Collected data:
# # # #

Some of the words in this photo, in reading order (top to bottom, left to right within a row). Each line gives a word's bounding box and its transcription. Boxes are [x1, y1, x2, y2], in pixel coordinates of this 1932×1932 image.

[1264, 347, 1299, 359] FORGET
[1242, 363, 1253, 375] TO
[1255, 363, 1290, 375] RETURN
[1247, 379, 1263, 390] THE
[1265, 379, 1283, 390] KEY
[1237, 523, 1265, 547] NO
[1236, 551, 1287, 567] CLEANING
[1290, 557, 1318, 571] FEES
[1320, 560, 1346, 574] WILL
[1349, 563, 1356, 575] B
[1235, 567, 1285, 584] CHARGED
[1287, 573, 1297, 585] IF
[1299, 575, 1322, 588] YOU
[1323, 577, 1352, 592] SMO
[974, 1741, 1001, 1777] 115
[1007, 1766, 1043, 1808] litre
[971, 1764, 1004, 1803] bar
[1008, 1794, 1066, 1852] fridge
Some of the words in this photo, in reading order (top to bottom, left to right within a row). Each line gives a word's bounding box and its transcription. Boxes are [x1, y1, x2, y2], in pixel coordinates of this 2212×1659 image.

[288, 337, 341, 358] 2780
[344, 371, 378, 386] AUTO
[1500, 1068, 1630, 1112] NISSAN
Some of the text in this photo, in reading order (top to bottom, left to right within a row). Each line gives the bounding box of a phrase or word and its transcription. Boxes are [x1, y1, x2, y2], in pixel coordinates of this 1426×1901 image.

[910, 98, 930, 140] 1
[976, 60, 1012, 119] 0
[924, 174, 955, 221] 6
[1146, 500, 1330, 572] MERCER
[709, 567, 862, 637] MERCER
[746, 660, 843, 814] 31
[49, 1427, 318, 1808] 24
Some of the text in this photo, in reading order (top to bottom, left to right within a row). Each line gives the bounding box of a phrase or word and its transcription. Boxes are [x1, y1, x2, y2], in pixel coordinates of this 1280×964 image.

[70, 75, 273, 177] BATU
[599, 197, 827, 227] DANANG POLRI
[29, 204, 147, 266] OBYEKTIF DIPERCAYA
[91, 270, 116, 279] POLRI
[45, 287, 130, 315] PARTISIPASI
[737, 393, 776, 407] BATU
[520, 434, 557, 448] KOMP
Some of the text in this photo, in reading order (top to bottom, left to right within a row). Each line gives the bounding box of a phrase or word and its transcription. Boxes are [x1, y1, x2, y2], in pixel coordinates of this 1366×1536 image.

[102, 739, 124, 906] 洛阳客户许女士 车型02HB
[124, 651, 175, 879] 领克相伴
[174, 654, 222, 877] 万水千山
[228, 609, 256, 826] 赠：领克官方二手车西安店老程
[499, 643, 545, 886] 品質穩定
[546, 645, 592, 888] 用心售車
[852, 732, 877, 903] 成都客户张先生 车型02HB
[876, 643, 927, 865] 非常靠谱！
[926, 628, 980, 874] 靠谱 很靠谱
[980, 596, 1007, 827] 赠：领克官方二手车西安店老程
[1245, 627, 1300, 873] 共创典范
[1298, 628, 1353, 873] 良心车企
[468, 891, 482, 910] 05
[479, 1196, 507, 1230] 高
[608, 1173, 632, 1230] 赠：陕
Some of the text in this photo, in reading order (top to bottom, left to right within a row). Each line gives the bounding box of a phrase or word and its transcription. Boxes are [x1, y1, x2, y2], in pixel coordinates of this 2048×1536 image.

# # # #

**Exercise requirements**
Start copying at the line that contains "this 1366×1536 image." and stop after the last line of the records, keeping every line exactly.

**Solution to the exercise**
Some of the text in this photo, in reading order (top to bottom, left to right within a row). Each line gives the bounding box of a phrase or word and its transcription. Boxes are [x1, y1, x2, y2], in pixel coordinates of this 1366×1536 image.

[102, 739, 124, 906] 洛阳客户许女士 车型02HB
[124, 651, 175, 879] 领克相伴
[174, 654, 222, 877] 万水千山
[228, 609, 256, 826] 赠：领克官方二手车西安店老程
[499, 643, 545, 886] 品質穩定
[546, 645, 592, 888] 用心售車
[852, 732, 877, 903] 成都客户张先生 车型02HB
[876, 643, 927, 865] 非常靠谱！
[926, 628, 980, 874] 靠谱 很靠谱
[980, 596, 1007, 827] 赠：领克官方二手车西安店老程
[1245, 627, 1300, 873] 共创典范
[1298, 628, 1353, 873] 良心车企
[468, 891, 482, 910] 05
[479, 1196, 507, 1230] 高
[608, 1173, 632, 1230] 赠：陕
Some of the text in this photo, in reading order (top to bottom, left to right within a row). Each line gives the bounding box of a phrase or word and its transcription. Boxes are [x1, y1, x2, y2], in pixel coordinates of this 2048×1536 image.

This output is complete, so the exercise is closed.